* _Task brief_
Each line of the records must appear in your answer exactly, with no pictures.

[Stored data entries]

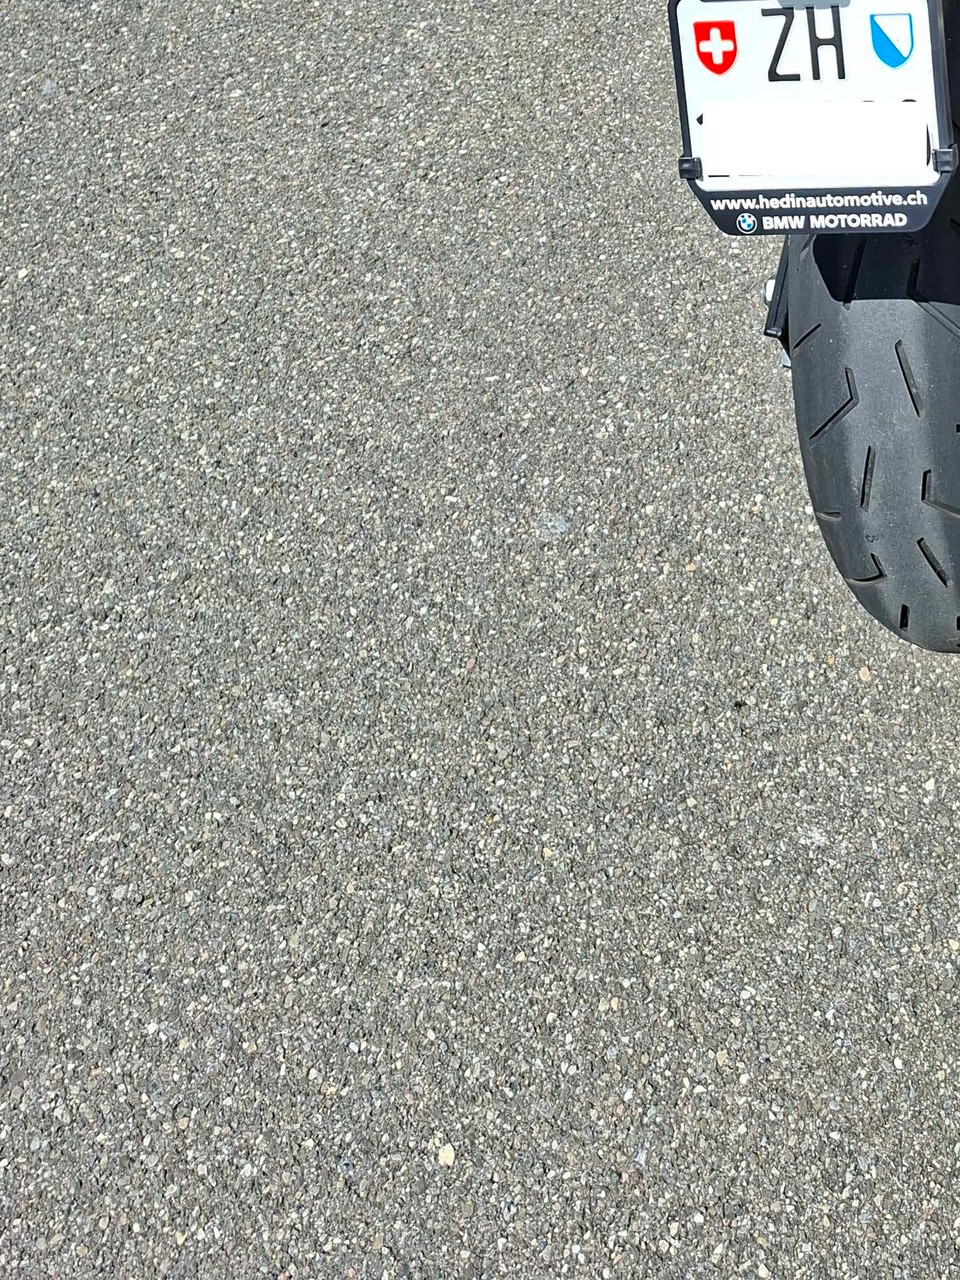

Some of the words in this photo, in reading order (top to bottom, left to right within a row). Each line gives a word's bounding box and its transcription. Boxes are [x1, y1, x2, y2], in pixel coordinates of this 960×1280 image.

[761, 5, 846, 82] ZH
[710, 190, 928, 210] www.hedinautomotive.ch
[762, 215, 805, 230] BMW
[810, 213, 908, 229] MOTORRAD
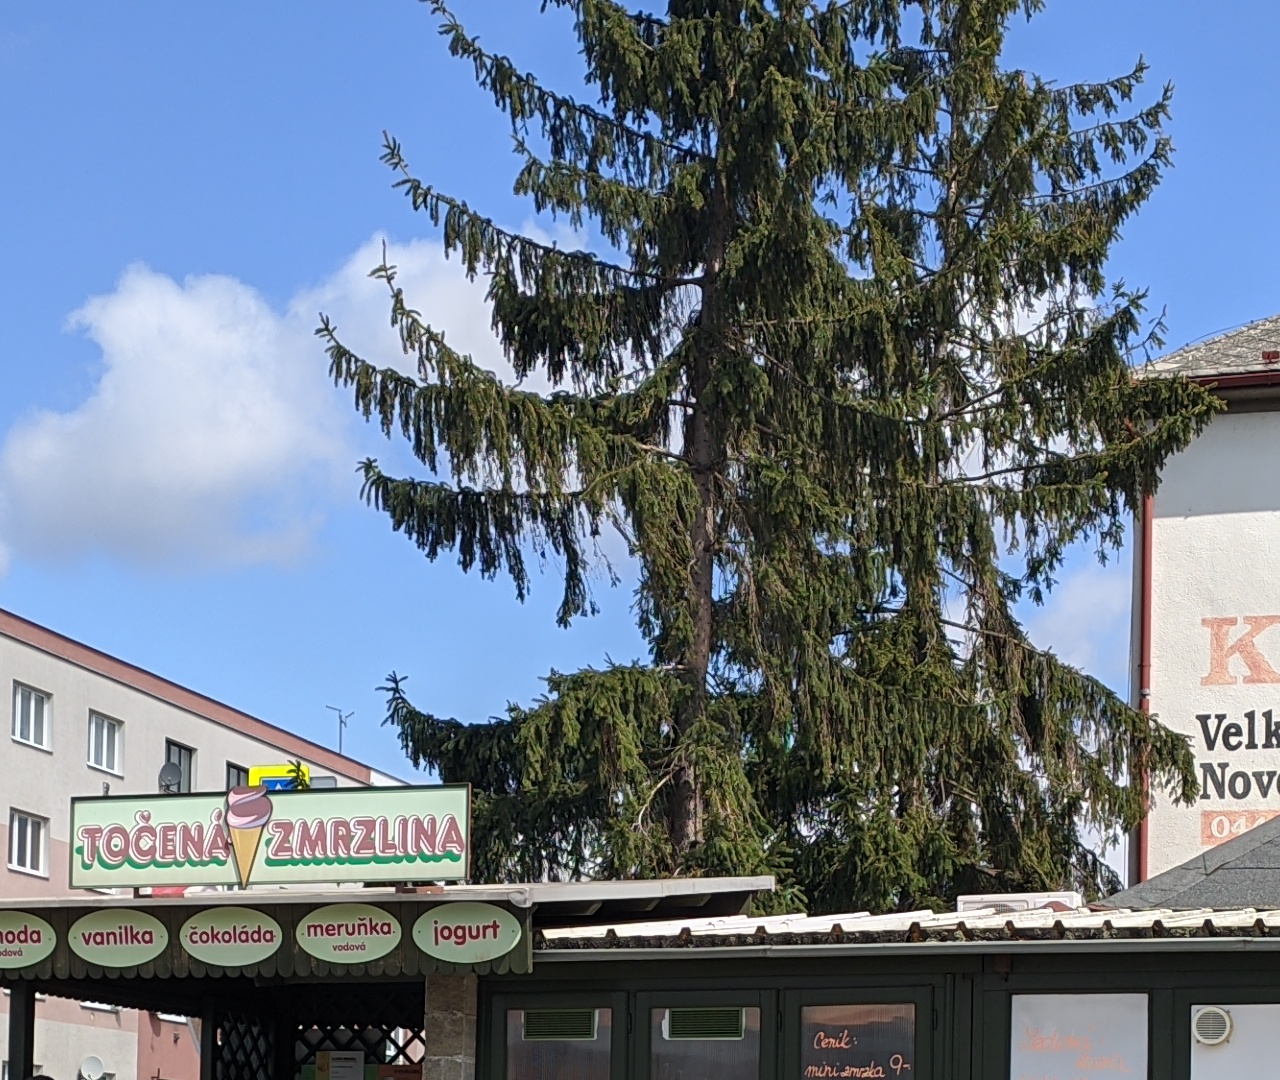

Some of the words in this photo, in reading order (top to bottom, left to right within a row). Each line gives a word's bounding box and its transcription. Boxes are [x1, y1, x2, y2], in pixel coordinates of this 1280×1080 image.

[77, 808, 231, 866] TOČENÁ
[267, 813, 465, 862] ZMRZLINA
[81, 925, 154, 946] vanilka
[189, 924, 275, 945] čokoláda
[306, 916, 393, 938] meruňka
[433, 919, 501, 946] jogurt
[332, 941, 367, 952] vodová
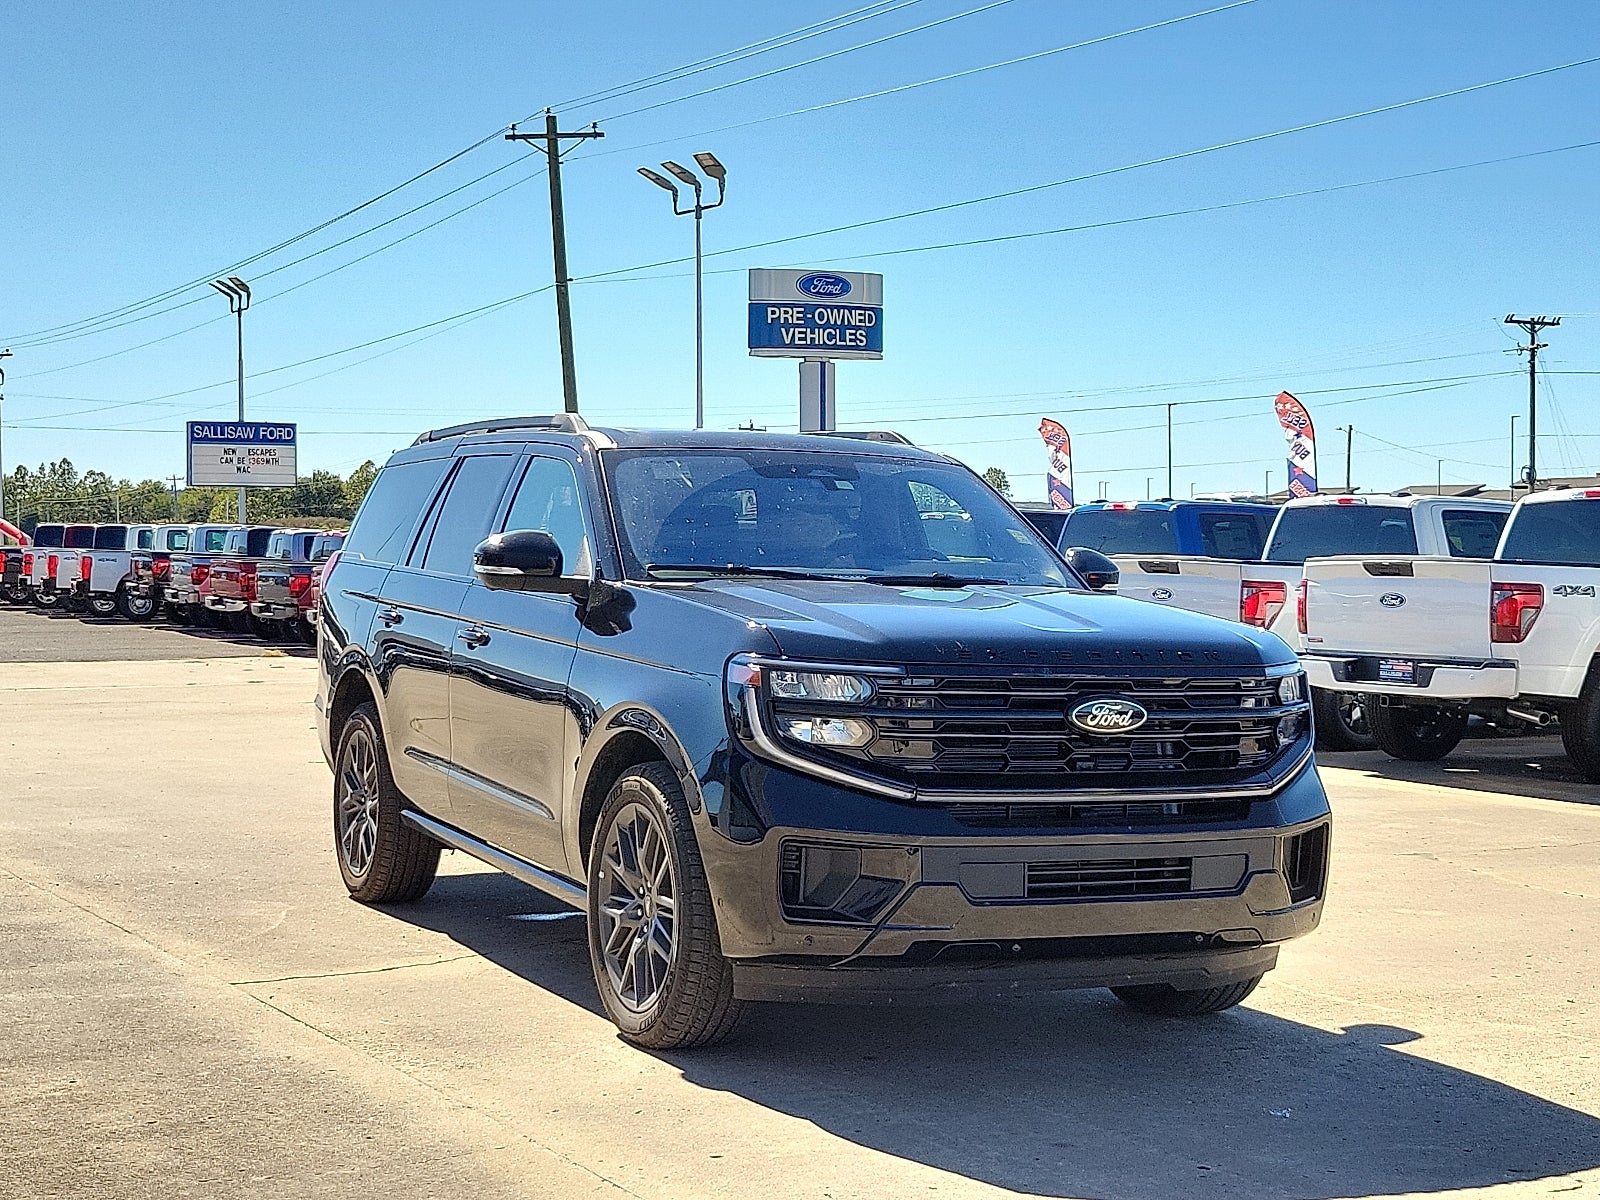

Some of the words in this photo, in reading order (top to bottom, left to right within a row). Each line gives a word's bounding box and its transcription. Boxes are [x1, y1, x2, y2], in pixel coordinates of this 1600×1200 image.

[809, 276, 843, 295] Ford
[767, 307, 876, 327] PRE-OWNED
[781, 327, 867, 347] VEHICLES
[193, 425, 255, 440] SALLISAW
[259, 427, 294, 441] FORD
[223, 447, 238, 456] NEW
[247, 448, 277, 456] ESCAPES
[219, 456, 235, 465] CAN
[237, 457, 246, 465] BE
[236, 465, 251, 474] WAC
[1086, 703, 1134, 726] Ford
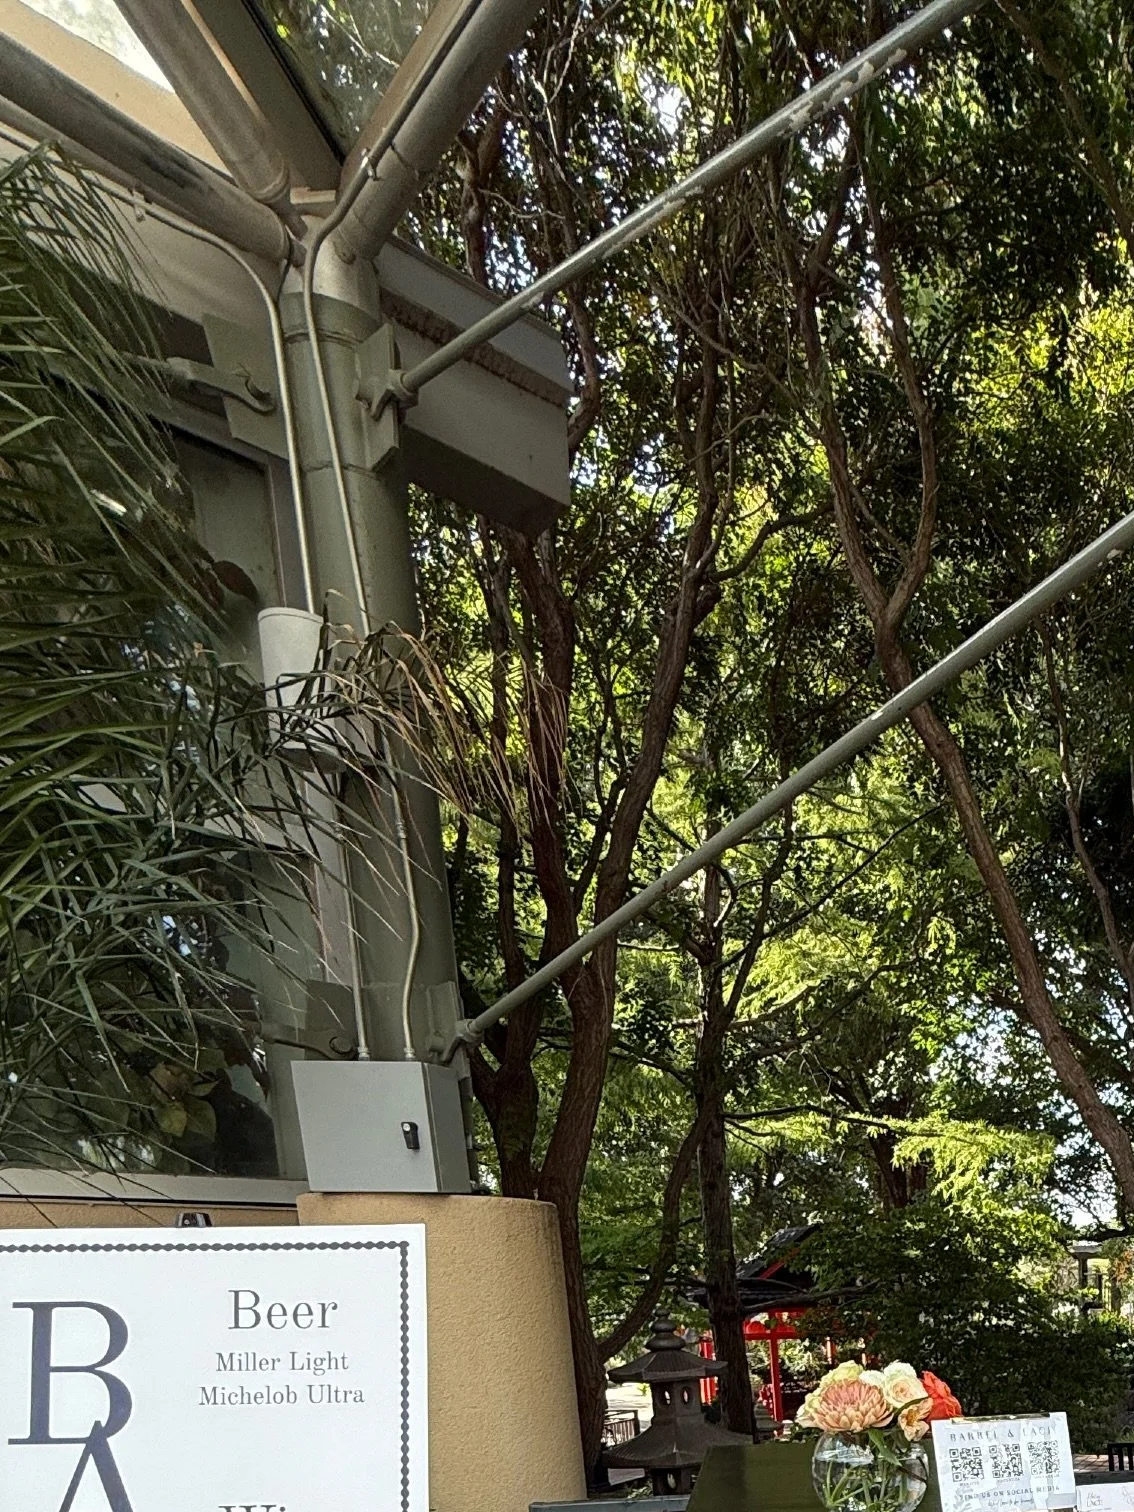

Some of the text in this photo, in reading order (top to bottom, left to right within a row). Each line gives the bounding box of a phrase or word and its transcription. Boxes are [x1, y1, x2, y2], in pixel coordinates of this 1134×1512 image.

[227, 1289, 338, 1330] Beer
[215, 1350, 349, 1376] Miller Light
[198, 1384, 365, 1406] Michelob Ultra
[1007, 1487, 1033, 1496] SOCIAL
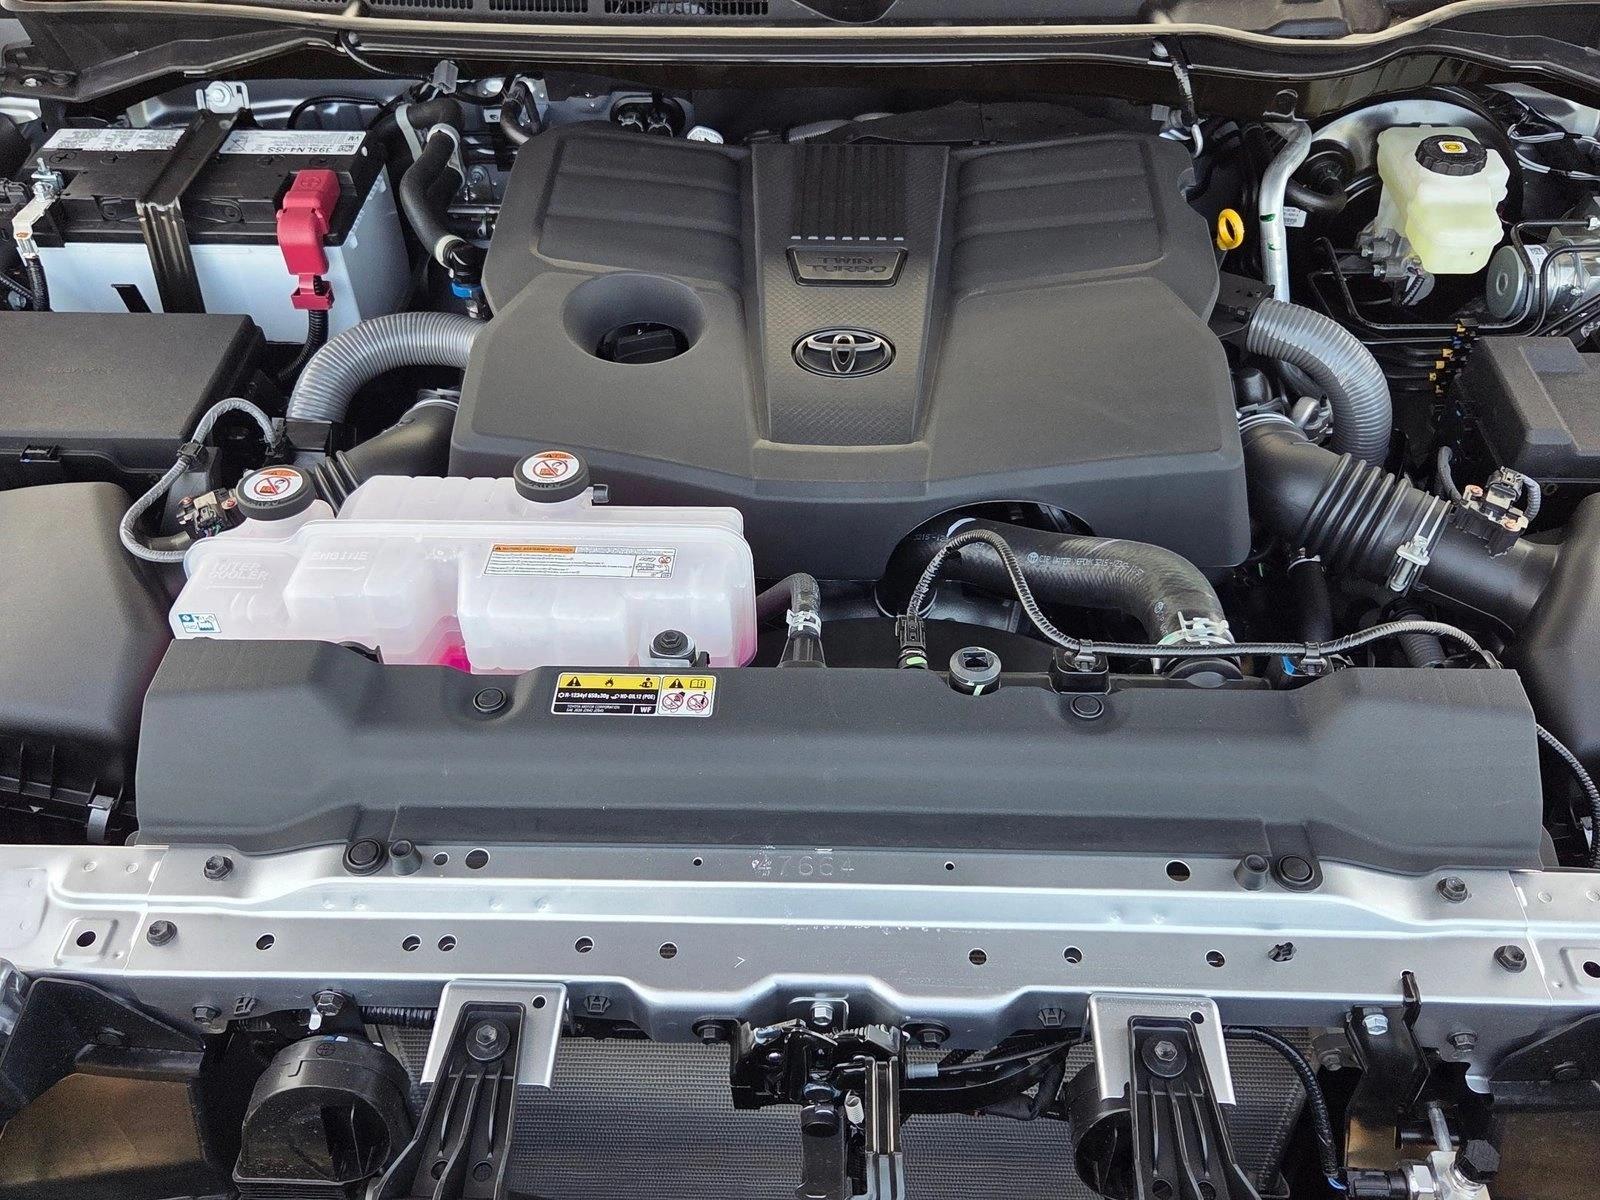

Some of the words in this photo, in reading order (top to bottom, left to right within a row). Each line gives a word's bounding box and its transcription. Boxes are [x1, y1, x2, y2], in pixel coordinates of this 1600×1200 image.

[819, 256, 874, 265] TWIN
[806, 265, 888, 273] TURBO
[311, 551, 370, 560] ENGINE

* _Worked solution_
Some of the words in this photo, in reading order (top to bottom, left to right within a row). Each line gives a word's bounding box and its transcription. Boxes are [x1, y1, x2, y2], in pixel coordinates of this 960×1280 image.

[761, 5, 846, 82] ZH
[710, 190, 928, 210] www.hedinautomotive.ch
[762, 215, 805, 230] BMW
[810, 213, 908, 229] MOTORRAD

Some of the words in this photo, in reading order (top to bottom, left to right within a row). Each line gives a word's bounding box and its transcription. Boxes are [x1, y1, x2, y2], in pixel coordinates of this 1280×1080 image.

[77, 808, 231, 866] TOČENÁ
[267, 813, 465, 862] ZMRZLINA
[81, 925, 154, 946] vanilka
[189, 924, 275, 945] čokoláda
[306, 916, 393, 938] meruňka
[433, 919, 501, 946] jogurt
[332, 941, 367, 952] vodová

Some of the words in this photo, in reading order (top to bottom, left to right within a row). Each line gives a word's bounding box and its transcription. Boxes are [x1, y1, x2, y2], in pixel coordinates of this 1600×1200 image.

[809, 276, 843, 295] Ford
[767, 307, 876, 327] PRE-OWNED
[781, 327, 867, 347] VEHICLES
[193, 425, 255, 440] SALLISAW
[259, 427, 294, 441] FORD
[223, 447, 238, 456] NEW
[247, 448, 277, 456] ESCAPES
[219, 456, 235, 465] CAN
[237, 457, 246, 465] BE
[236, 465, 251, 474] WAC
[1086, 703, 1134, 726] Ford

Some of the text in this photo, in reading order (top to bottom, left to right within a row). Each line gives the bounding box of a phrase or word and its transcription. Boxes are [x1, y1, x2, y2], in pixel coordinates of this 1134×1512 image.

[227, 1289, 338, 1330] Beer
[215, 1350, 349, 1376] Miller Light
[198, 1384, 365, 1406] Michelob Ultra
[1007, 1487, 1033, 1496] SOCIAL

Some of the words in this photo, in reading order (top to bottom, left to right within a row). Each line gives a word's bounding box and its transcription. Boxes are [x1, y1, x2, y2], in pixel coordinates of this 1600×1200 image.

[819, 256, 874, 265] TWIN
[806, 265, 888, 273] TURBO
[311, 551, 370, 560] ENGINE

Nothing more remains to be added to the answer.